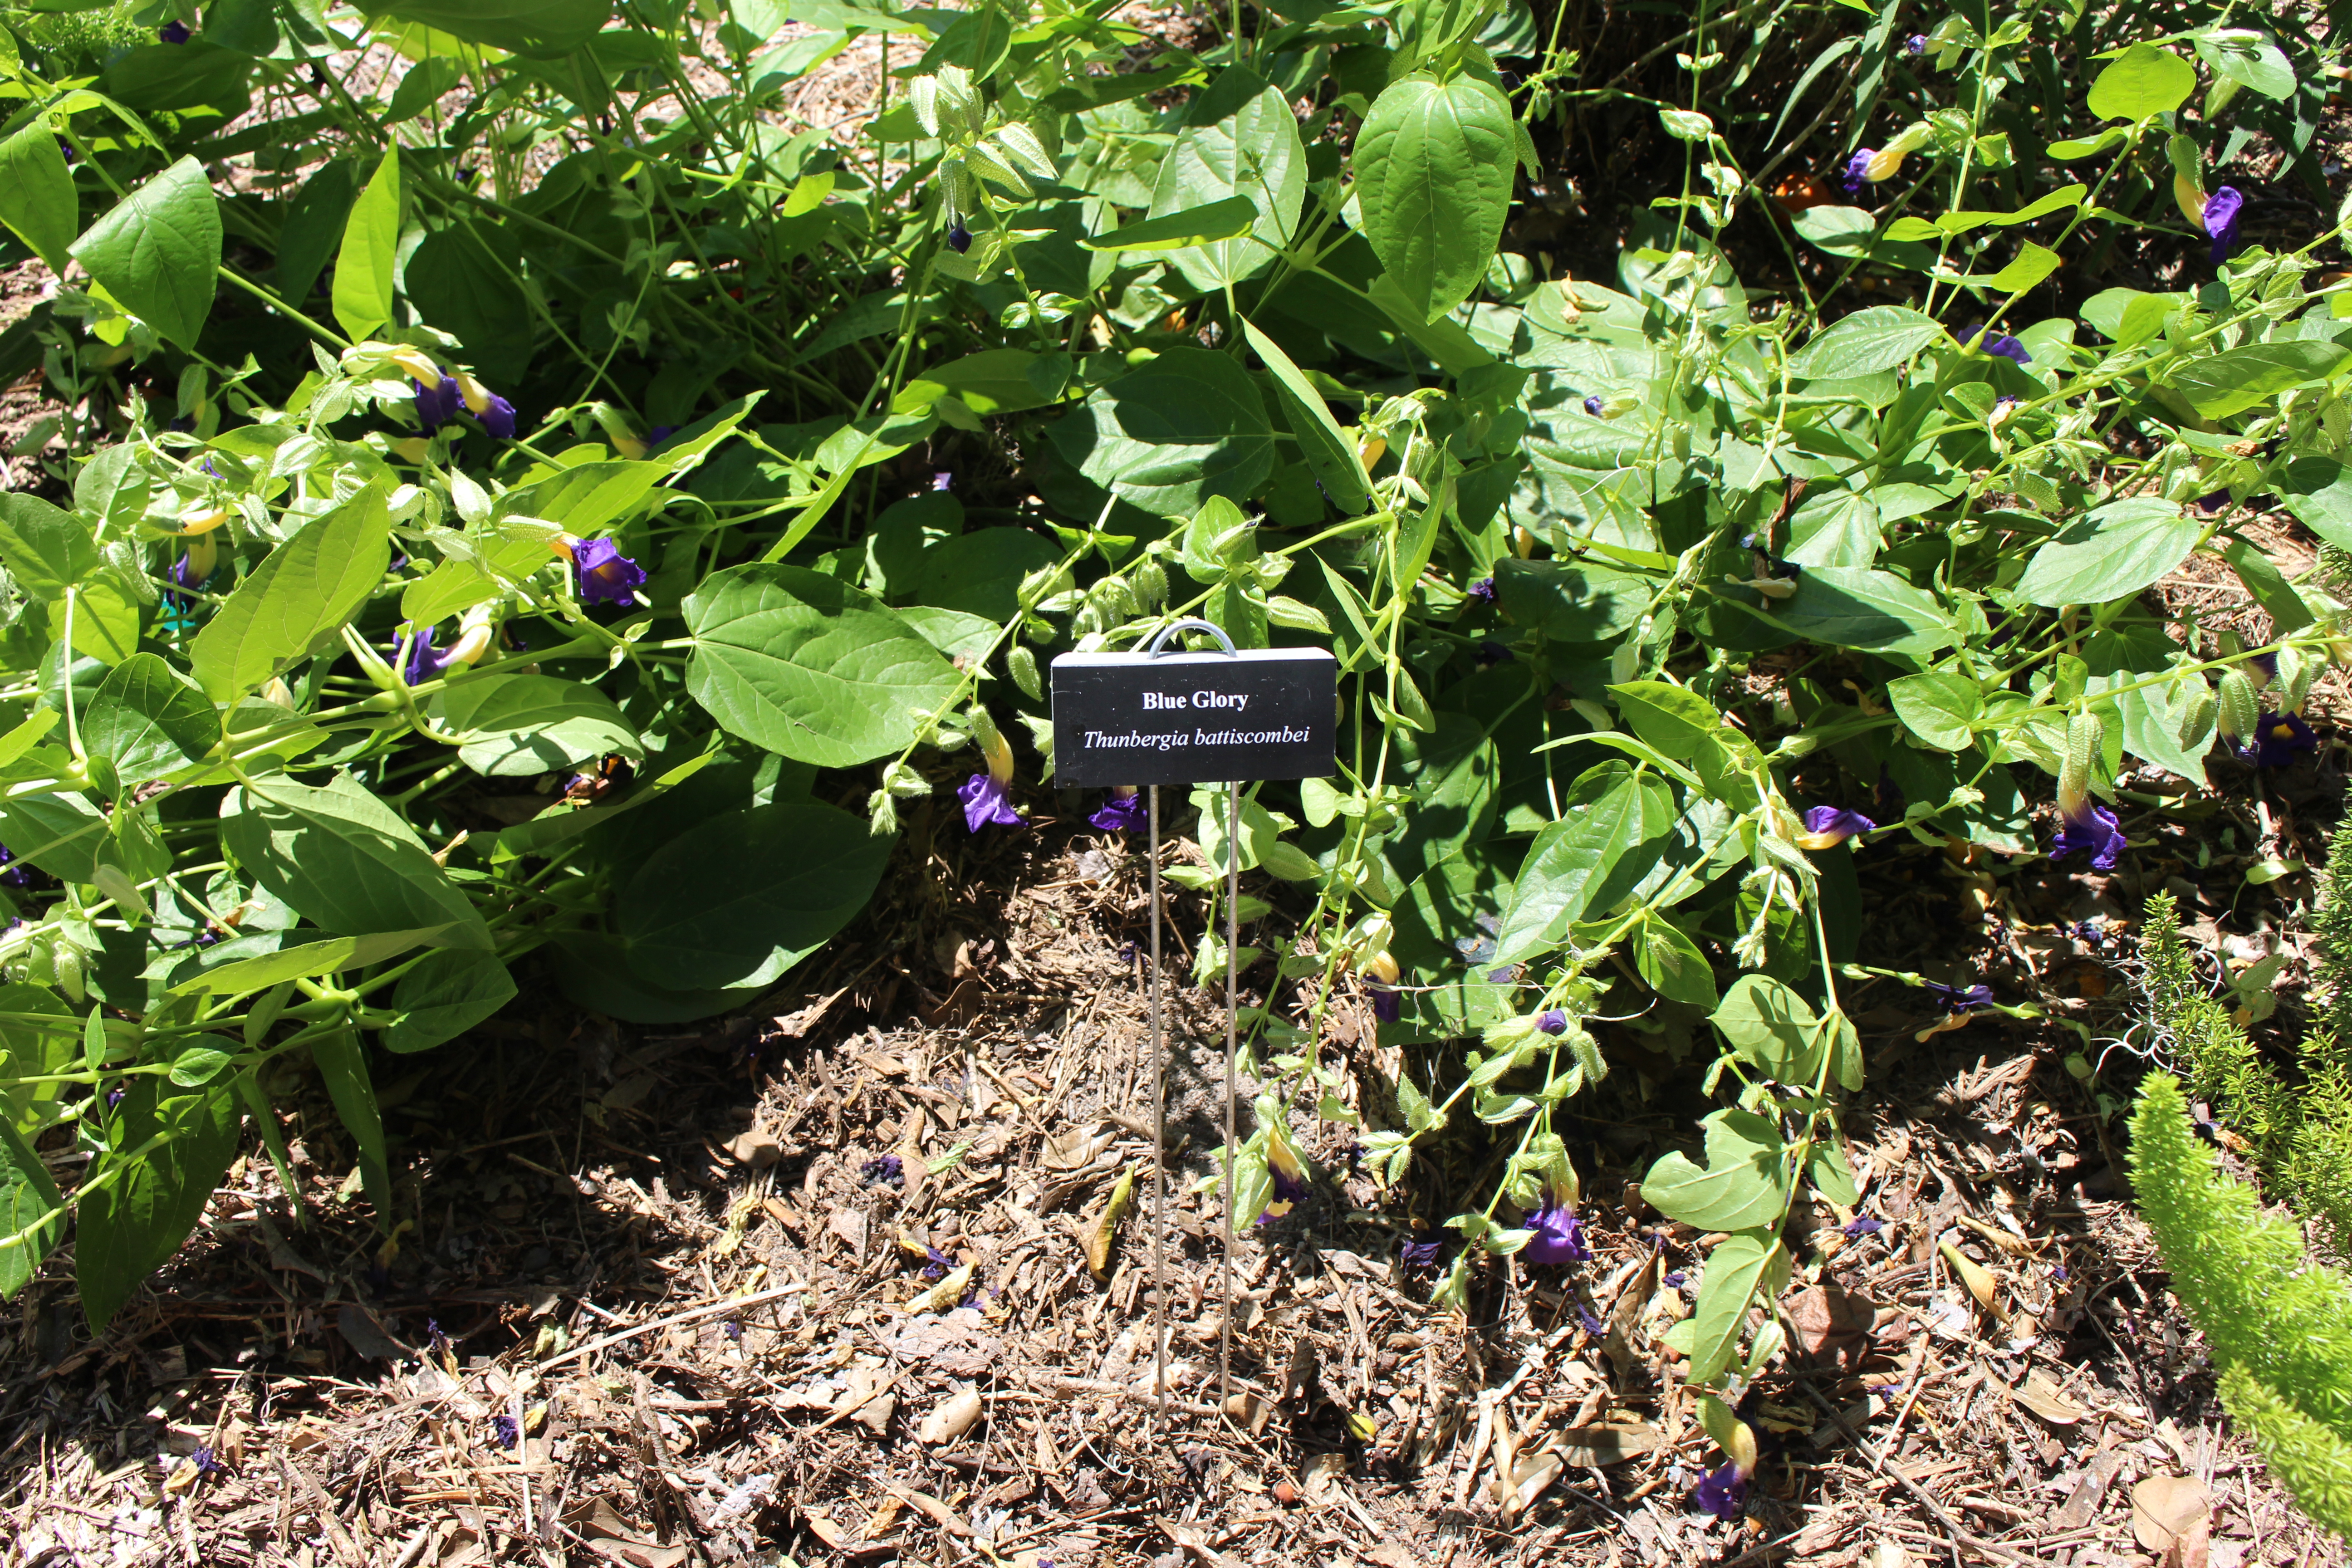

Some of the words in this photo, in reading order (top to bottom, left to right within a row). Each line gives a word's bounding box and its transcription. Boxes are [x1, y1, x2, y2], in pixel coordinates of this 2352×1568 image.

[1142, 692, 1186, 709] Blue
[1192, 691, 1249, 711] Glory
[1085, 730, 1189, 750] Thunbergia
[1195, 726, 1310, 745] battiscombei
------------
[Goal of the exercise]
Please reproduce the records above exactly, omitting every picture.

[Written solution]
Some of the words in this photo, in reading order (top to bottom, left to right within a row). Each line gives a word's bounding box and its transcription. Boxes are [x1, y1, x2, y2], in pixel coordinates of this 2352×1568 image.

[1142, 692, 1186, 709] Blue
[1192, 691, 1249, 711] Glory
[1085, 730, 1189, 750] Thunbergia
[1195, 726, 1310, 745] battiscombei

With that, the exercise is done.